### [Problem description]
The entries should be restated word for word.

Start of Available data

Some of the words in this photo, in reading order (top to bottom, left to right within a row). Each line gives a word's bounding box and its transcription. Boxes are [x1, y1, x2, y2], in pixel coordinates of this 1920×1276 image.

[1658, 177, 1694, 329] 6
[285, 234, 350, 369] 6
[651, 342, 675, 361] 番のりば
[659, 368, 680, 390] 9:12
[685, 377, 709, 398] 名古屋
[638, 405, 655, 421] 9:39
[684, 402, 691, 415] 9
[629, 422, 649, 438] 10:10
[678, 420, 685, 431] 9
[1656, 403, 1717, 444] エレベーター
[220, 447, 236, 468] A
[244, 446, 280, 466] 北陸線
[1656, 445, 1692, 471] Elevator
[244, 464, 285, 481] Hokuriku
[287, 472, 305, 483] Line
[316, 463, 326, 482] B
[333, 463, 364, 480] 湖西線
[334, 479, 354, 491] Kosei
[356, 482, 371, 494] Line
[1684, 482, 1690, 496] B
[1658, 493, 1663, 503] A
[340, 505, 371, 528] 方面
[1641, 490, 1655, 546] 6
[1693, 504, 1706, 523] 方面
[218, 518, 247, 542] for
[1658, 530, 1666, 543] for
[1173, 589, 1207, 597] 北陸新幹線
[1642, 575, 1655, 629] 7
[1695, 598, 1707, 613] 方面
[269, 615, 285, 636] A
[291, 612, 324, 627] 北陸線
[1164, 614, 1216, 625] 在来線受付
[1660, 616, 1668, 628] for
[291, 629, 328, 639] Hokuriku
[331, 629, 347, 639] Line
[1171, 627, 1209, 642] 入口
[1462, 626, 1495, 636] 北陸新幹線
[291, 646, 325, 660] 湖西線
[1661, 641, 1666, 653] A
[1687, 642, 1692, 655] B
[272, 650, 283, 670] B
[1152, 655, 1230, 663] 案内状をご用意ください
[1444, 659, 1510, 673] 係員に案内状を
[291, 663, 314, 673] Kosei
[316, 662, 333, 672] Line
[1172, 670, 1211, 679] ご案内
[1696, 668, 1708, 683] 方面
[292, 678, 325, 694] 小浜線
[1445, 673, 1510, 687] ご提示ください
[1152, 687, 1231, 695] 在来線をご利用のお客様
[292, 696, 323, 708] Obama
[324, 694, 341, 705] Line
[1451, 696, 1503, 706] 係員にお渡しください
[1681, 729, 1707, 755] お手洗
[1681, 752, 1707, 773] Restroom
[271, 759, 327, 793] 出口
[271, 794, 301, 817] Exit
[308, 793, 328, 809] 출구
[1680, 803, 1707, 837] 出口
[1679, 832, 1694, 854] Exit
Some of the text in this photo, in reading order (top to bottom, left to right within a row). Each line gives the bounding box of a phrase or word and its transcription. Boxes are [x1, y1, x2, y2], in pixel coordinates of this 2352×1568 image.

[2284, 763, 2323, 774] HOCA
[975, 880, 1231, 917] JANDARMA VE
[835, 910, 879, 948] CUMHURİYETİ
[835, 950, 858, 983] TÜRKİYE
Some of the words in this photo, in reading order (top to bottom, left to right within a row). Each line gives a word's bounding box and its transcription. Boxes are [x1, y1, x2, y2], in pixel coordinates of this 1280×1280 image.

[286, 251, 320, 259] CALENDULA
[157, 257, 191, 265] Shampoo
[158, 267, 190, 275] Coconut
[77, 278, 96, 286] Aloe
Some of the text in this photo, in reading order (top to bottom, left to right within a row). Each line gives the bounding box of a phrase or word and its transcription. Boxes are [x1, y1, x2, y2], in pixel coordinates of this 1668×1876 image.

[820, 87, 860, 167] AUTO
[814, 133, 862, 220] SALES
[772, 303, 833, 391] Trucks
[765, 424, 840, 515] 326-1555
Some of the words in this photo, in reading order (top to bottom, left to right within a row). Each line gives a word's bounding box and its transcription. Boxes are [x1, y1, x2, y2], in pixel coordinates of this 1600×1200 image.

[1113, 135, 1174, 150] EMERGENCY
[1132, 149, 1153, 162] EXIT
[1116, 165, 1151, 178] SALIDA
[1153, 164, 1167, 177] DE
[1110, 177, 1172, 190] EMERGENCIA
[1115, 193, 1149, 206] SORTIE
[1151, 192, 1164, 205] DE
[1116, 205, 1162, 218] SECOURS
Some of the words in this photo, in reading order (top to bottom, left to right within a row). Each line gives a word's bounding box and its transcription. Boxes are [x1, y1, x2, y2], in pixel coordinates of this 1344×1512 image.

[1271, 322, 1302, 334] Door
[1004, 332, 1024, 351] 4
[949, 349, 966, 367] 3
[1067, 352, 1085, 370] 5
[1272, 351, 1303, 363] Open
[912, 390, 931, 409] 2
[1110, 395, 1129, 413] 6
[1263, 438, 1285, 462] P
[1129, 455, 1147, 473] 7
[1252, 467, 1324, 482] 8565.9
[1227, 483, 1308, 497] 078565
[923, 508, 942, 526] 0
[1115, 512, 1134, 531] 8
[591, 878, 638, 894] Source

End of Available data

### [Answer to this problem]
Some of the words in this photo, in reading order (top to bottom, left to right within a row). Each line gives a word's bounding box and its transcription. Boxes are [x1, y1, x2, y2], in pixel coordinates of this 1920×1276 image.

[1658, 177, 1694, 329] 6
[285, 234, 350, 369] 6
[651, 342, 675, 361] 番のりば
[659, 368, 680, 390] 9:12
[685, 377, 709, 398] 名古屋
[638, 405, 655, 421] 9:39
[684, 402, 691, 415] 9
[629, 422, 649, 438] 10:10
[678, 420, 685, 431] 9
[1656, 403, 1717, 444] エレベーター
[220, 447, 236, 468] A
[244, 446, 280, 466] 北陸線
[1656, 445, 1692, 471] Elevator
[244, 464, 285, 481] Hokuriku
[287, 472, 305, 483] Line
[316, 463, 326, 482] B
[333, 463, 364, 480] 湖西線
[334, 479, 354, 491] Kosei
[356, 482, 371, 494] Line
[1684, 482, 1690, 496] B
[1658, 493, 1663, 503] A
[340, 505, 371, 528] 方面
[1641, 490, 1655, 546] 6
[1693, 504, 1706, 523] 方面
[218, 518, 247, 542] for
[1658, 530, 1666, 543] for
[1173, 589, 1207, 597] 北陸新幹線
[1642, 575, 1655, 629] 7
[1695, 598, 1707, 613] 方面
[269, 615, 285, 636] A
[291, 612, 324, 627] 北陸線
[1164, 614, 1216, 625] 在来線受付
[1660, 616, 1668, 628] for
[291, 629, 328, 639] Hokuriku
[331, 629, 347, 639] Line
[1171, 627, 1209, 642] 入口
[1462, 626, 1495, 636] 北陸新幹線
[291, 646, 325, 660] 湖西線
[1661, 641, 1666, 653] A
[1687, 642, 1692, 655] B
[272, 650, 283, 670] B
[1152, 655, 1230, 663] 案内状をご用意ください
[1444, 659, 1510, 673] 係員に案内状を
[291, 663, 314, 673] Kosei
[316, 662, 333, 672] Line
[1172, 670, 1211, 679] ご案内
[1696, 668, 1708, 683] 方面
[292, 678, 325, 694] 小浜線
[1445, 673, 1510, 687] ご提示ください
[1152, 687, 1231, 695] 在来線をご利用のお客様
[292, 696, 323, 708] Obama
[324, 694, 341, 705] Line
[1451, 696, 1503, 706] 係員にお渡しください
[1681, 729, 1707, 755] お手洗
[1681, 752, 1707, 773] Restroom
[271, 759, 327, 793] 出口
[271, 794, 301, 817] Exit
[308, 793, 328, 809] 출구
[1680, 803, 1707, 837] 出口
[1679, 832, 1694, 854] Exit
Some of the text in this photo, in reading order (top to bottom, left to right within a row). Each line gives the bounding box of a phrase or word and its transcription. Boxes are [x1, y1, x2, y2], in pixel coordinates of this 2352×1568 image.

[2284, 763, 2323, 774] HOCA
[975, 880, 1231, 917] JANDARMA VE
[835, 910, 879, 948] CUMHURİYETİ
[835, 950, 858, 983] TÜRKİYE
Some of the words in this photo, in reading order (top to bottom, left to right within a row). Each line gives a word's bounding box and its transcription. Boxes are [x1, y1, x2, y2], in pixel coordinates of this 1280×1280 image.

[286, 251, 320, 259] CALENDULA
[157, 257, 191, 265] Shampoo
[158, 267, 190, 275] Coconut
[77, 278, 96, 286] Aloe
Some of the text in this photo, in reading order (top to bottom, left to right within a row). Each line gives the bounding box of a phrase or word and its transcription. Boxes are [x1, y1, x2, y2], in pixel coordinates of this 1668×1876 image.

[820, 87, 860, 167] AUTO
[814, 133, 862, 220] SALES
[772, 303, 833, 391] Trucks
[765, 424, 840, 515] 326-1555
Some of the words in this photo, in reading order (top to bottom, left to right within a row). Each line gives a word's bounding box and its transcription. Boxes are [x1, y1, x2, y2], in pixel coordinates of this 1600×1200 image.

[1113, 135, 1174, 150] EMERGENCY
[1132, 149, 1153, 162] EXIT
[1116, 165, 1151, 178] SALIDA
[1153, 164, 1167, 177] DE
[1110, 177, 1172, 190] EMERGENCIA
[1115, 193, 1149, 206] SORTIE
[1151, 192, 1164, 205] DE
[1116, 205, 1162, 218] SECOURS
Some of the words in this photo, in reading order (top to bottom, left to right within a row). Each line gives a word's bounding box and its transcription. Boxes are [x1, y1, x2, y2], in pixel coordinates of this 1344×1512 image.

[1271, 322, 1302, 334] Door
[1004, 332, 1024, 351] 4
[949, 349, 966, 367] 3
[1067, 352, 1085, 370] 5
[1272, 351, 1303, 363] Open
[912, 390, 931, 409] 2
[1110, 395, 1129, 413] 6
[1263, 438, 1285, 462] P
[1129, 455, 1147, 473] 7
[1252, 467, 1324, 482] 8565.9
[1227, 483, 1308, 497] 078565
[923, 508, 942, 526] 0
[1115, 512, 1134, 531] 8
[591, 878, 638, 894] Source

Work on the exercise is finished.